§ Referring expression grounding data
-------------------------

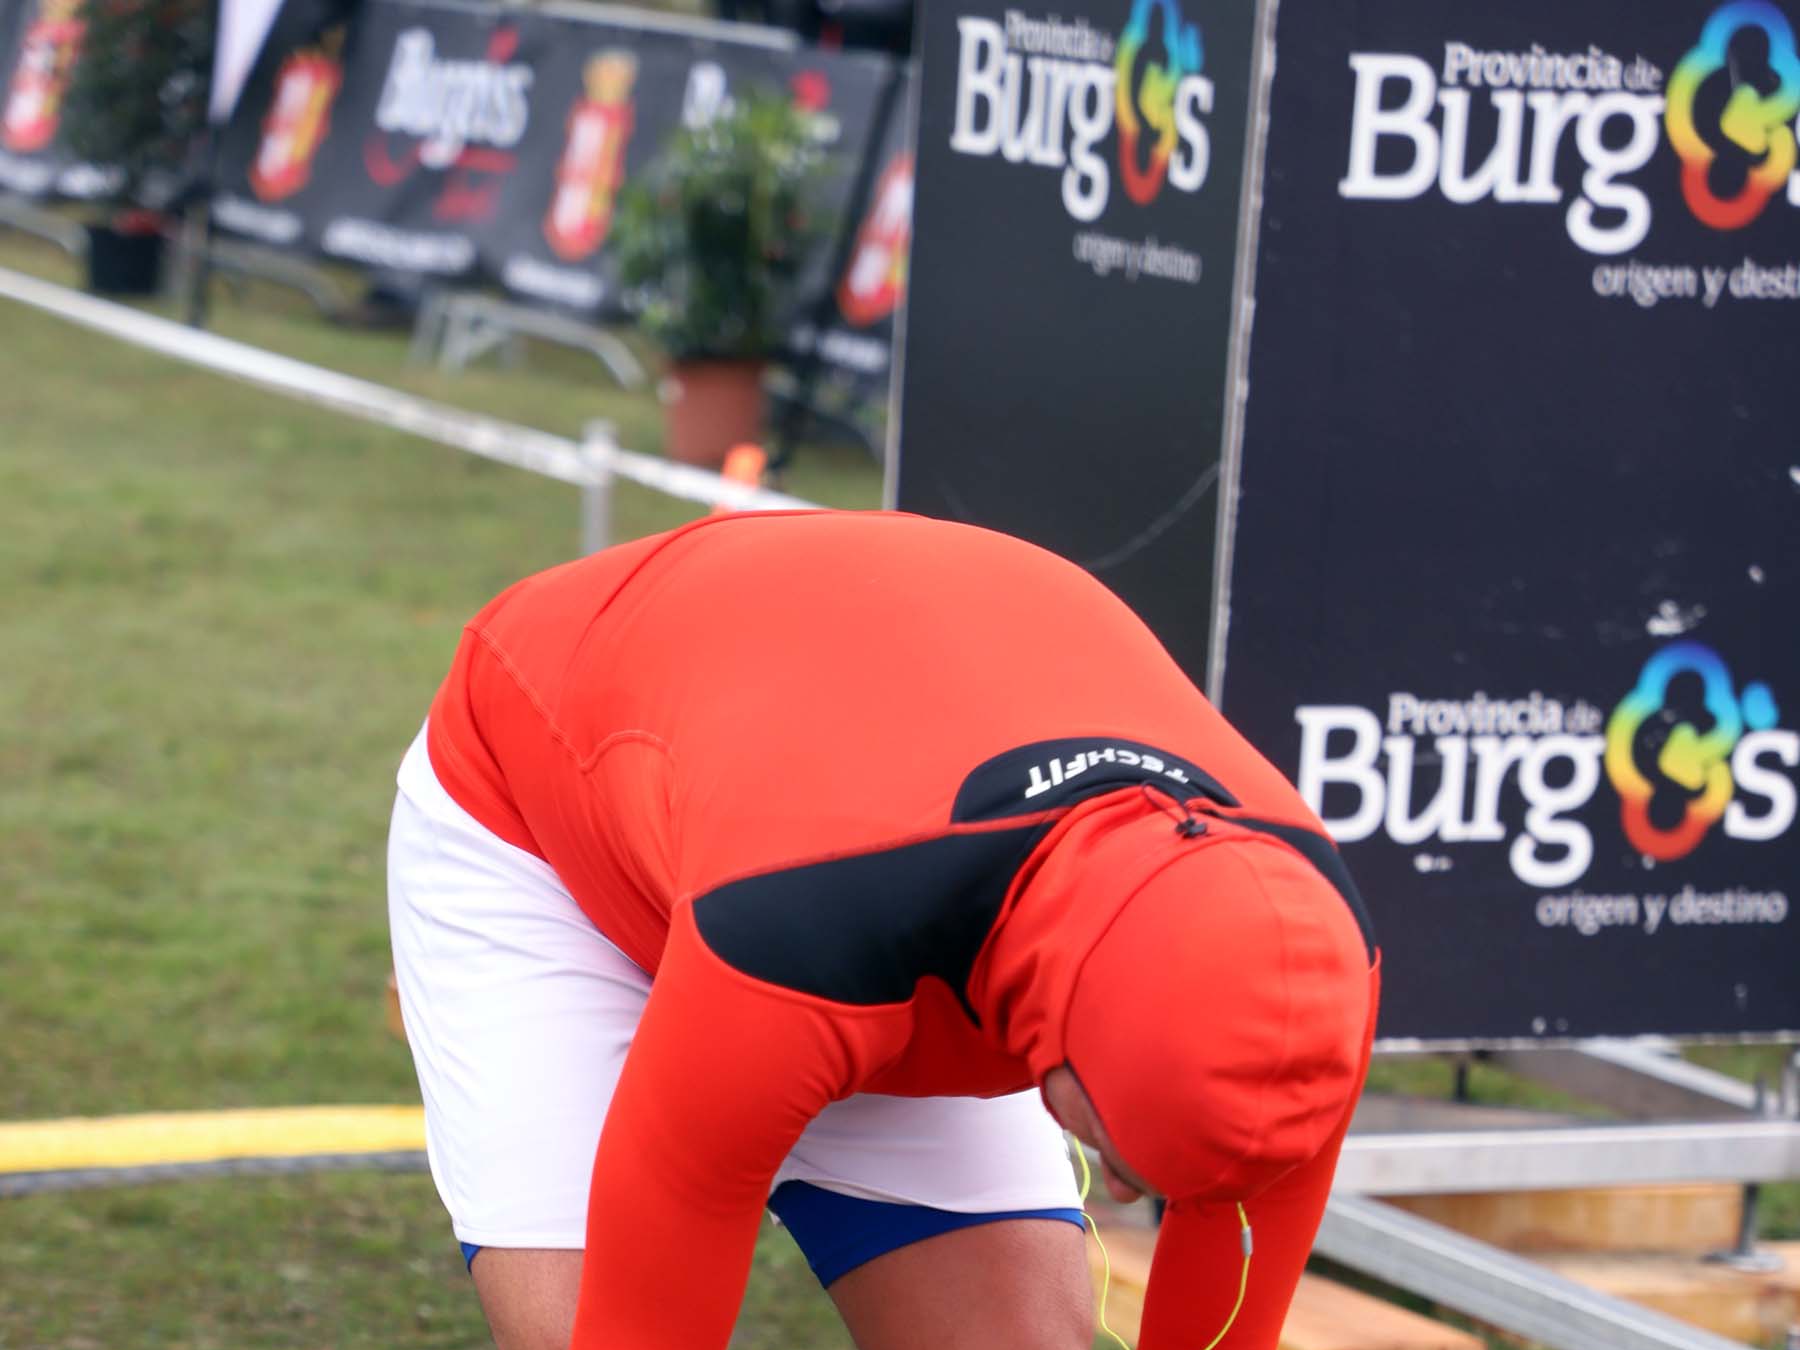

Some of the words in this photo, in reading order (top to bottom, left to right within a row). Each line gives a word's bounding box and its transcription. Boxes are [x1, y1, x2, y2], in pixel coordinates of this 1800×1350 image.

[1444, 41, 1623, 89] Provincia
[1623, 56, 1662, 91] de
[950, 1, 1214, 222] Burgos
[1338, 1, 1800, 255] Burgo
[1592, 257, 1697, 308] origen
[1701, 264, 1727, 309] y
[1388, 691, 1563, 735] Provincia
[1565, 701, 1601, 734] de
[1024, 747, 1189, 799] TECHFIT
[1295, 641, 1800, 888] Burgos
[1536, 889, 1638, 935] origen
[1642, 894, 1668, 934] y
[1669, 886, 1788, 925] destino
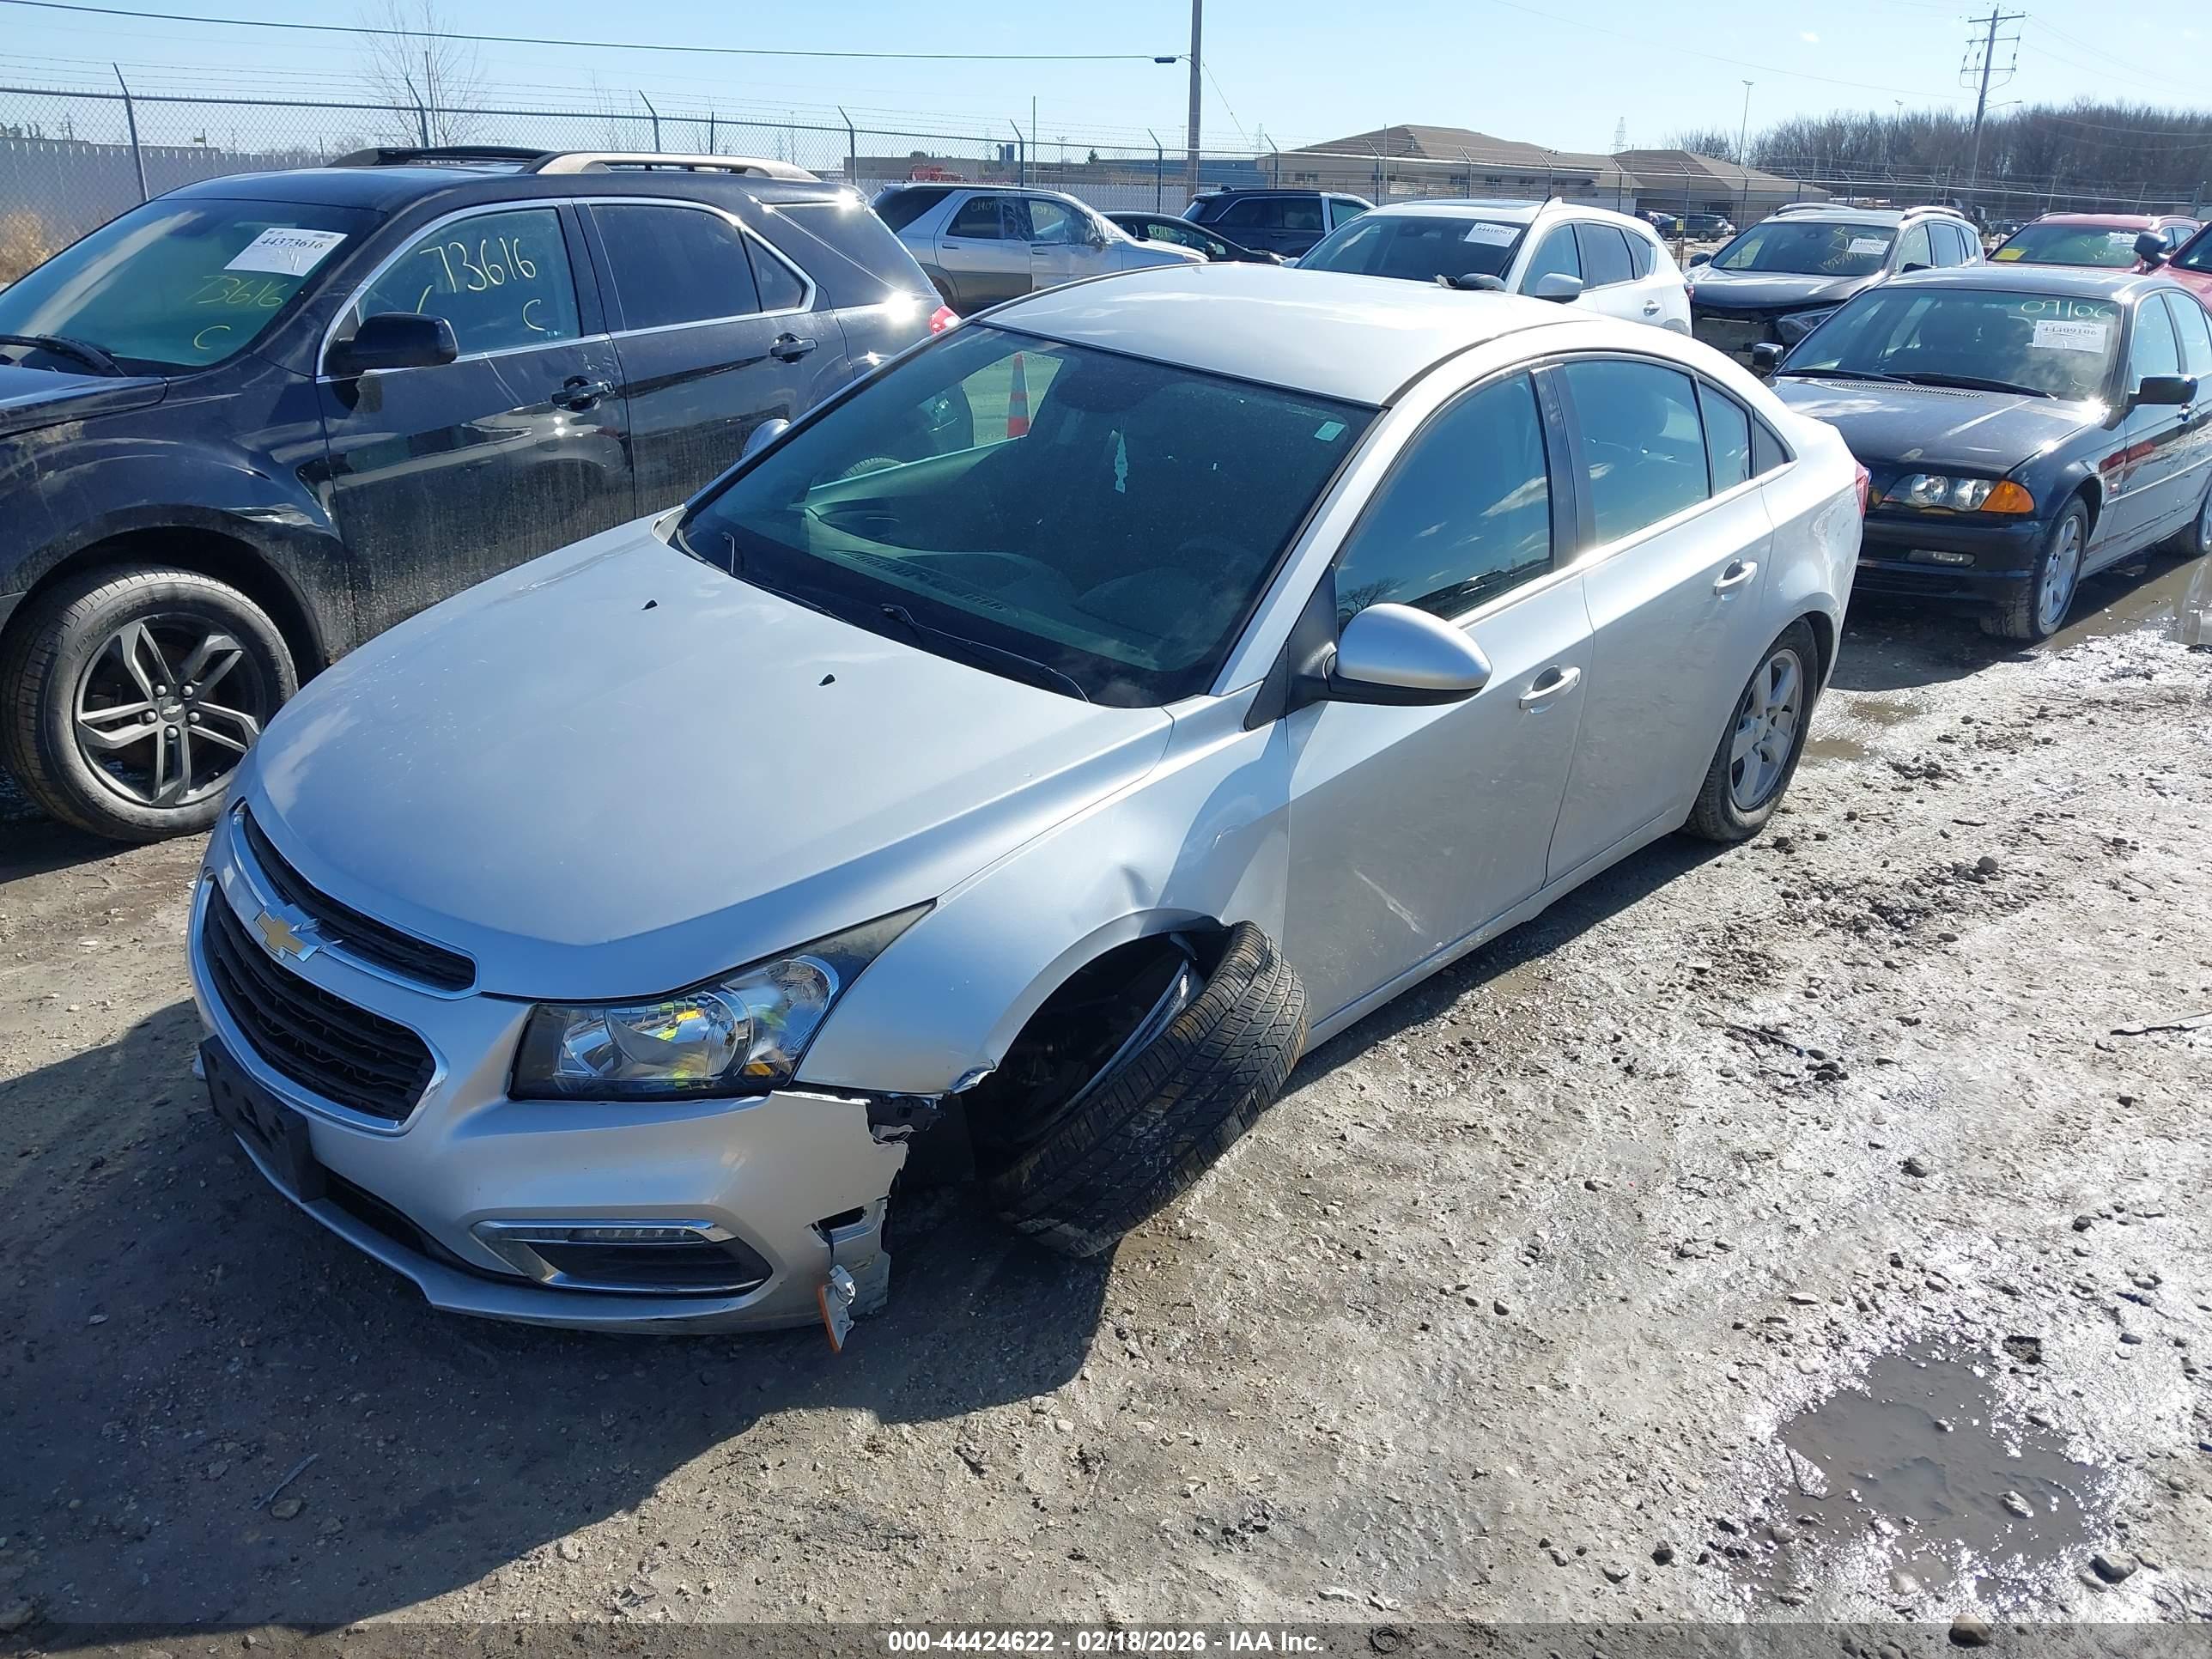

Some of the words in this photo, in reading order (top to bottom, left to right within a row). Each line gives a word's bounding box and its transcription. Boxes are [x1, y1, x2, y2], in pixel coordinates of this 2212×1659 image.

[260, 236, 325, 250] 44373616
[419, 236, 536, 293] 73616
[185, 275, 289, 307] 73616
[2021, 299, 2112, 319] 09106
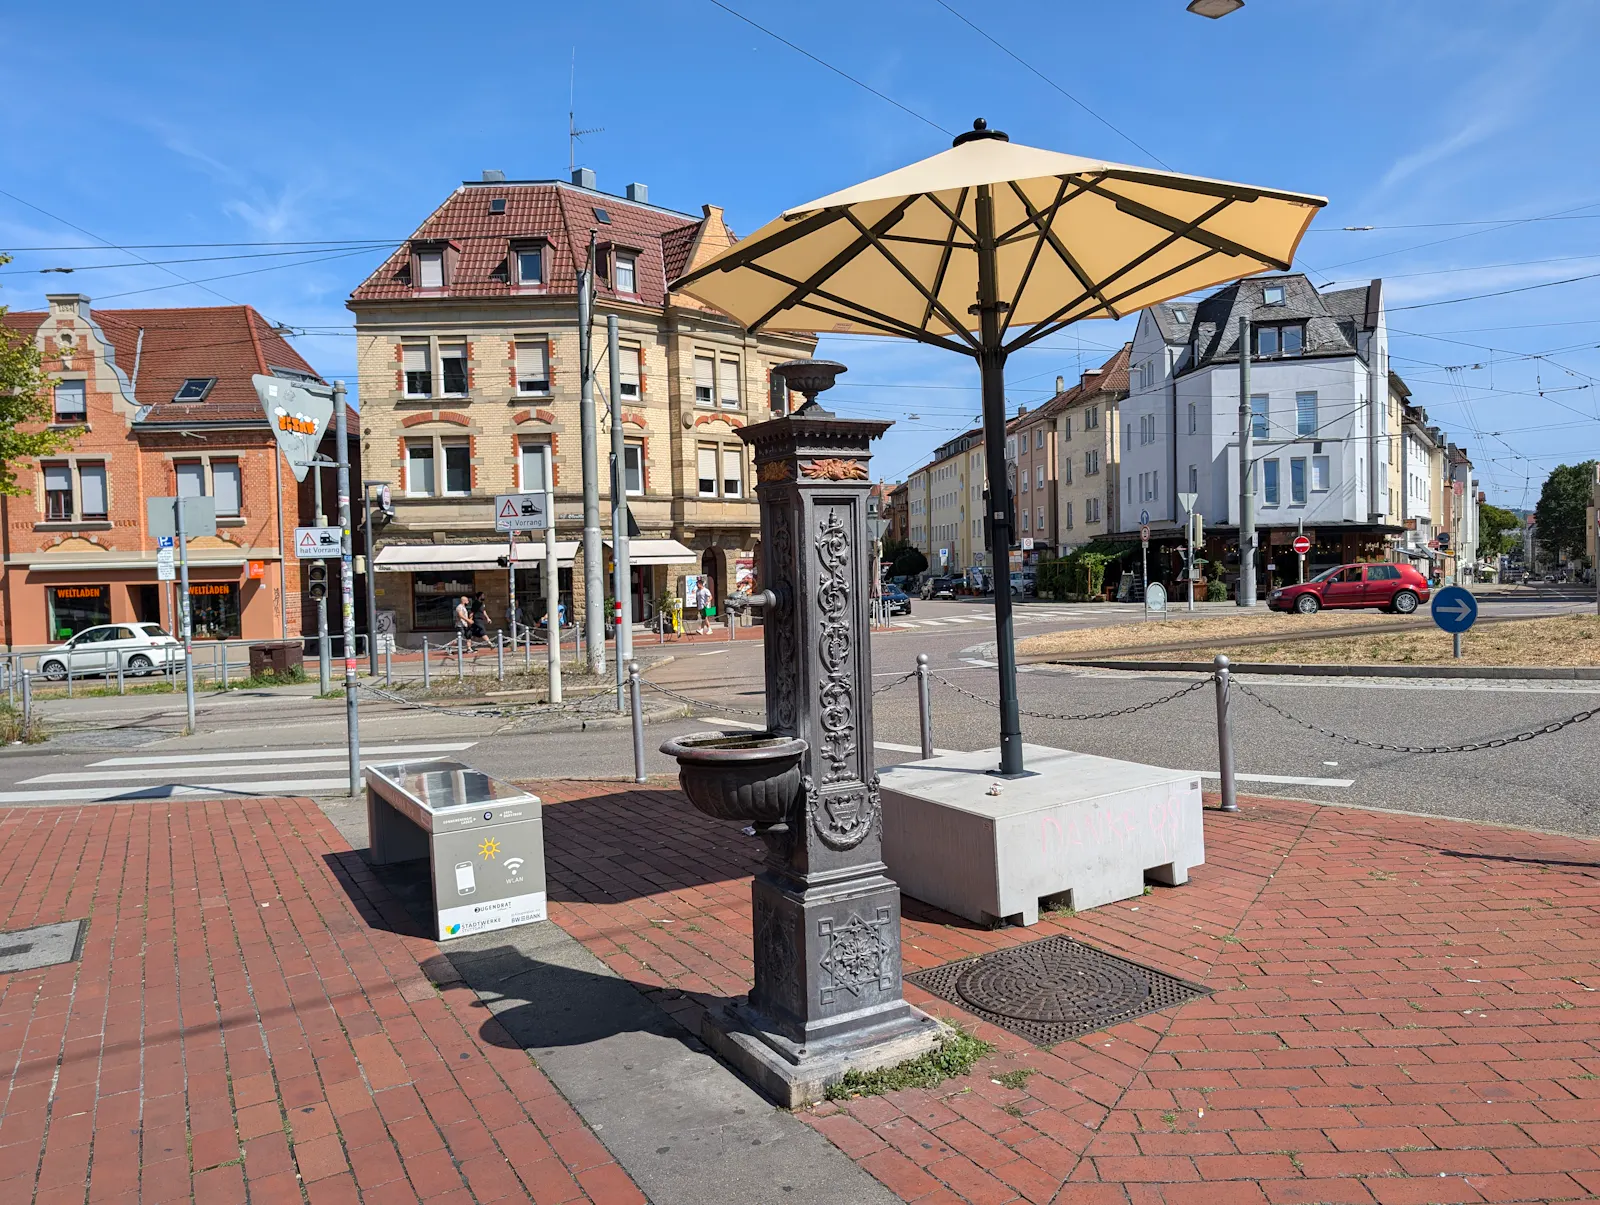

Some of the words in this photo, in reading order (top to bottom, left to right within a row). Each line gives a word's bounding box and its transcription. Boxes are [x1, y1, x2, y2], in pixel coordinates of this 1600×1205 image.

-------------------------

Quote every entry exactly, with the pictures omitted.

Some of the words in this photo, in reading order (top to bottom, left to right within a row). Each line gives a word's bounding box and its transcription. Boxes are [x1, y1, x2, y2], in pixel coordinates of this 1800×1350 image.

[1444, 41, 1623, 89] Provincia
[1623, 56, 1662, 91] de
[950, 1, 1214, 222] Burgos
[1338, 1, 1800, 255] Burgo
[1592, 257, 1697, 308] origen
[1701, 264, 1727, 309] y
[1388, 691, 1563, 735] Provincia
[1565, 701, 1601, 734] de
[1024, 747, 1189, 799] TECHFIT
[1295, 641, 1800, 888] Burgos
[1536, 889, 1638, 935] origen
[1642, 894, 1668, 934] y
[1669, 886, 1788, 925] destino

Some of the words in this photo, in reading order (top to bottom, left to right within a row). Each line gives a word's bounding box and its transcription. Boxes are [x1, y1, x2, y2], in pixel coordinates of this 2212×1659 image.

[260, 236, 325, 250] 44373616
[419, 236, 536, 293] 73616
[185, 275, 289, 307] 73616
[2021, 299, 2112, 319] 09106

Some of the words in this photo, in reading order (top to bottom, left to right within a row). Each line gives a word's bounding box and its transcription. Boxes are [x1, y1, x2, y2], in pixel coordinates of this 1600×1205 image.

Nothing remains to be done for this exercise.